Police weren’t telling us why Martha Agnew died and we didn’t have any information on it. They wouldn’t tell us how she died, or why they wouldn’t comment on it. And I did a lot of research to find out that she was going through a divorce and that man had been accused in this disappearance, and he was still loose at the time.
So during the course of my reporting, we kind of brought up new information that breathed life into the old story, the disappearance of his girlfriend, he was arrested — related to the new death. We turned that into a podcast series within our Michigan Crime Stories podcast.
That was easily the hardest part of the podcast we’ve done the entire time, because you’re taking things that are still in motion, and trying to walk through all the legal terms. That was one of the goals of the podcast initially, (we said) ‘Let’s keep it easy and tell stories that are done. We don’t have to involve our legal department every time.’ But this is one where it was a challenge because we thought it was important.
We wanted to tell it in a narrative format and have it be suspenseful and interesting, but also make sure we’re being really fair and careful and smart about it the whole way through. Hopefully you do that in all your reporting. But that’s not something we have done in this format yet. So that was a lot of work. But it was really gratifying. And I think we told the story very fairly to all involved.
What advice do you have for young reporters interested in turning different types of media into narrative, audio storytelling?
Take the shot. You learn the most by trying and talking to people who have done it. And don’t be afraid to make that transition.

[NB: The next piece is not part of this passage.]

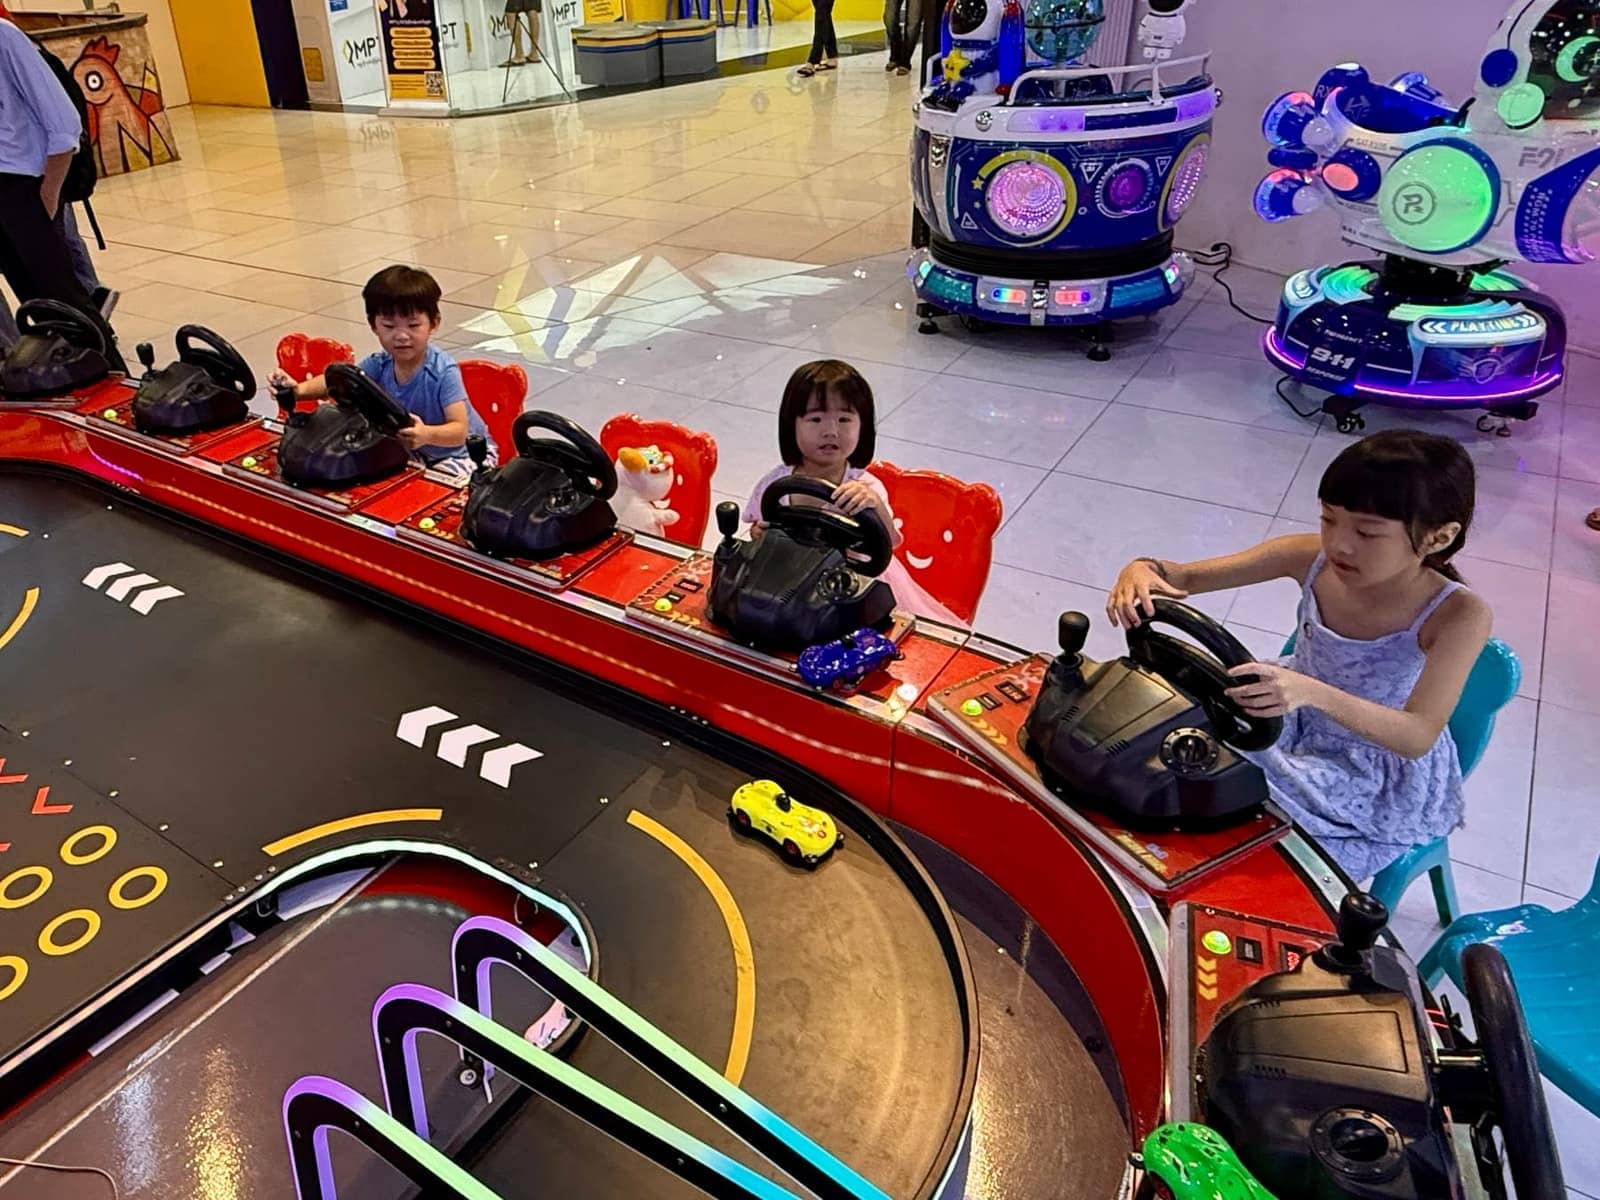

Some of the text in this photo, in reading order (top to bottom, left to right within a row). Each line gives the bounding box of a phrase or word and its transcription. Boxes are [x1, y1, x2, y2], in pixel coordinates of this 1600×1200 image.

[555, 2, 577, 21] MPT
[441, 22, 457, 40] PT
[353, 35, 379, 60] MP
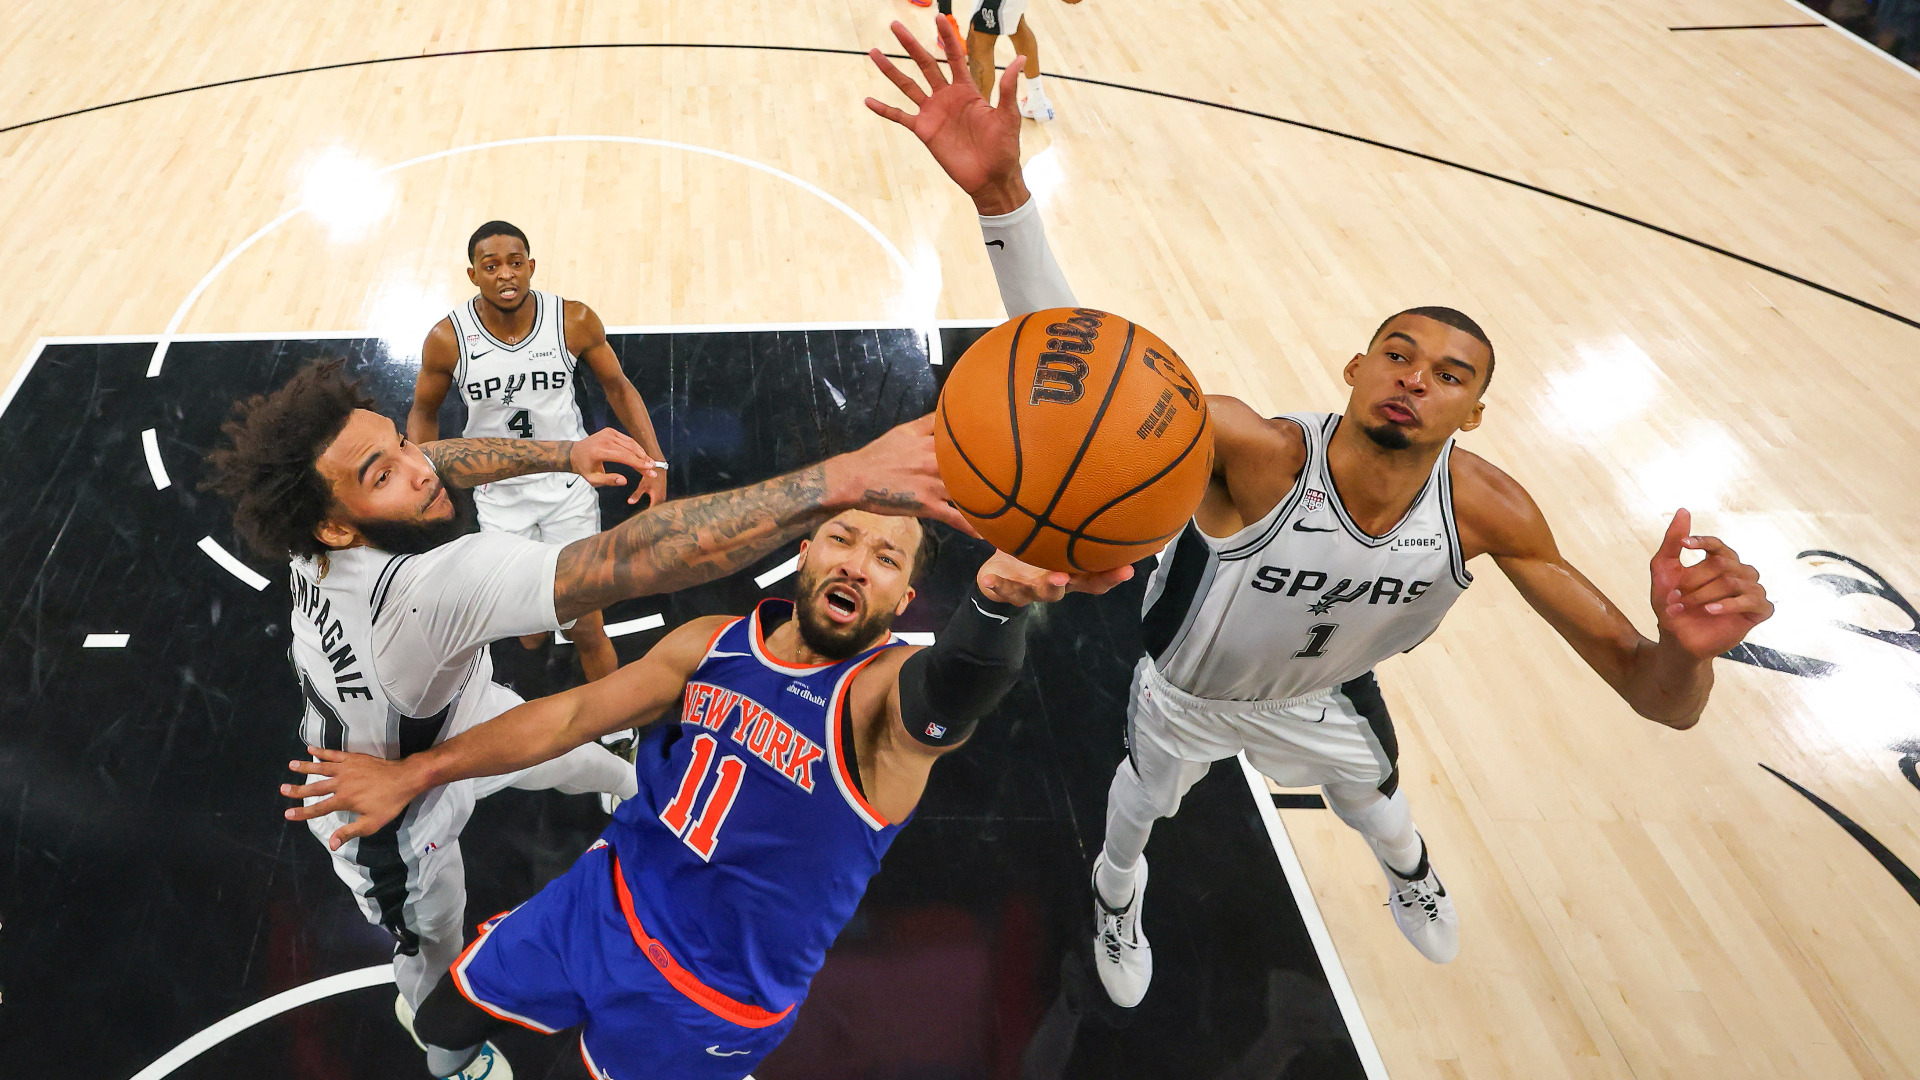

I was a podcast consumer. I had been aware of other people who were experienced in podcasting, and talk to a lot of people before I got into it.
It was honestly the jump. Is everything perfect our entire first season? No, but it’s doing well and people seem to be responding. What excites me most is that we are able to explore big, legal questions and kind of pull back the curtain on the journalistic processes for people. That wouldn’t have happened if we had been afraid to jump in and try things and see what works.
Note: This interview has been edited for length and clarity.